成馬:あと、田中脊椎剣の元ネタは『ボボボーボ・ボーボボ』(澤井啓夫)みたいですね。

倉本:みんな『ボボボーボ・ボーボボ』好きですよね。『呪術廻戦』(芥見下々)もあらゆる場面に『ボボボーボ・ボーボボ』のオマージュがちりばめられていますが、ギャグではなくすごくかっこよくてシリアスな、戦慄するようなシーンになっているのが本当にすごい(笑)。

今の「週刊少年ジャンプ」を読んで

倉本:『チェンソーマン 第二部』は「少年ジャンプ+」での連載となりましたが、最近の「週刊少年ジャンプ」本誌のほうはみなさんどう読んでいましたか?

成馬:『僕のヒーローアカデミア』(堀越耕平)がクライマックス間近ですし、『ブラッククローバー』(田畠裕基)も最終章で、ジャンプを支える長編連載がどんどん最終回を迎えている。『ONE PIECE』(尾田栄一郎)は別格として、後は『呪術廻戦』が残ってるくらい。

倉本:“学園マンガの雄”こと『SKET DANCE』の篠原健太先生の新作『ウィッチウォッチ』もありますよ!

岡島:『ウィッチウォッチ』良いですよね。

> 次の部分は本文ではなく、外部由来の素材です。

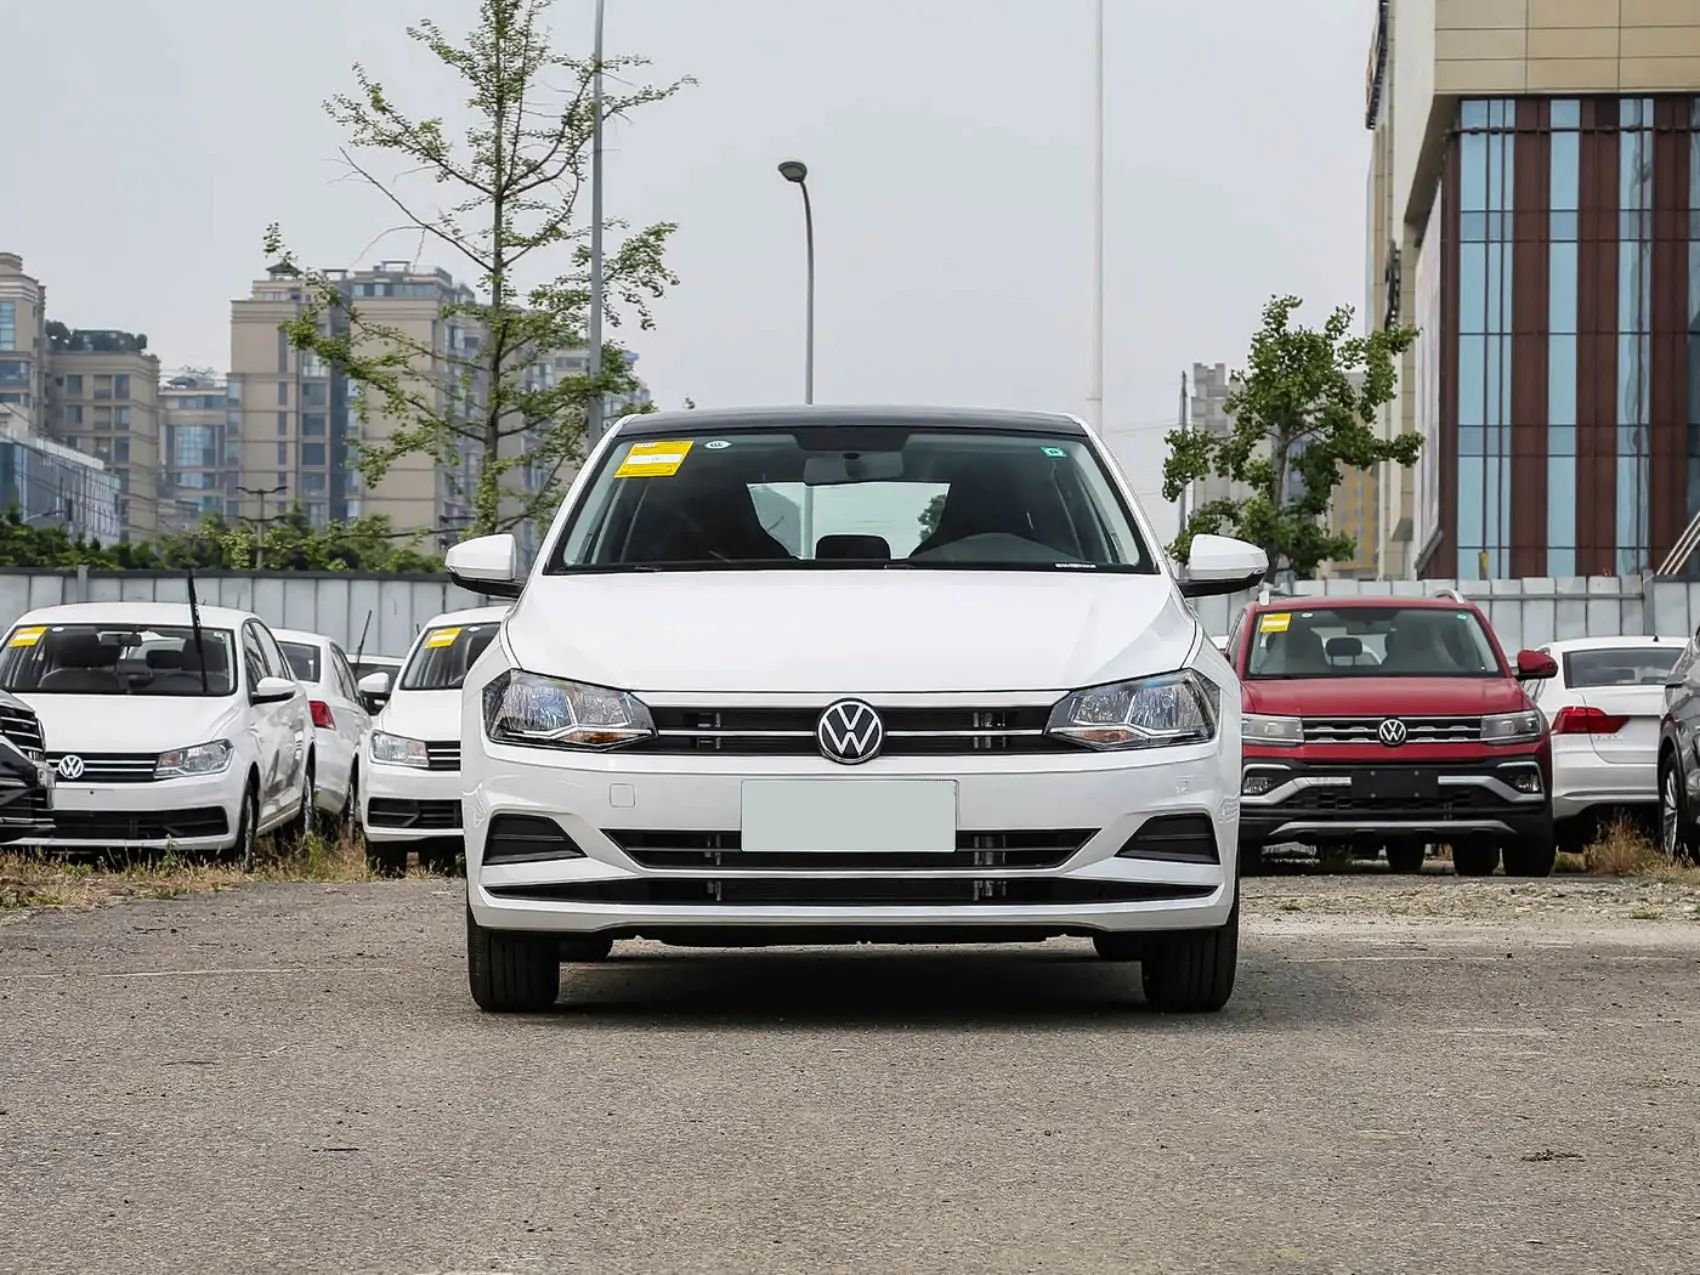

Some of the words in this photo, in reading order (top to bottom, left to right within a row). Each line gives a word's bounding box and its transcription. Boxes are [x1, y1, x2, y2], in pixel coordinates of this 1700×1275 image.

[820, 702, 881, 758] VW
[1380, 720, 1405, 743] VW
[60, 755, 83, 778] VW

デニムの蘊蓄をマニアックに語る回は“ポストこち亀”感がある。

成馬:『ウィッチウォッチ』は安定感ありますね。少し前まで「少年ジャンプ」には、『チェンソーマン 第一部』はもちろん、『約束のネバーランド』(白井カイウ、出水ぽすか)や『鬼滅の刃』(吾峠呼世晴)があって、ストーリーマンガの全盛期だったと思うんです。それ以降は、『高校生家族』(仲間りょう)、『僕とロボコ』(宮崎周平)、『破壊神マグちゃん』(上木敬)といった日常に寄り添ったギャグマンガが増えてきている。話題になった『ルリドラゴン』(眞藤雅興)もギャグではないですが日常系の話ですよね。ストーリーマンガでエッジの利いた新しい大作が減りつつある気がします。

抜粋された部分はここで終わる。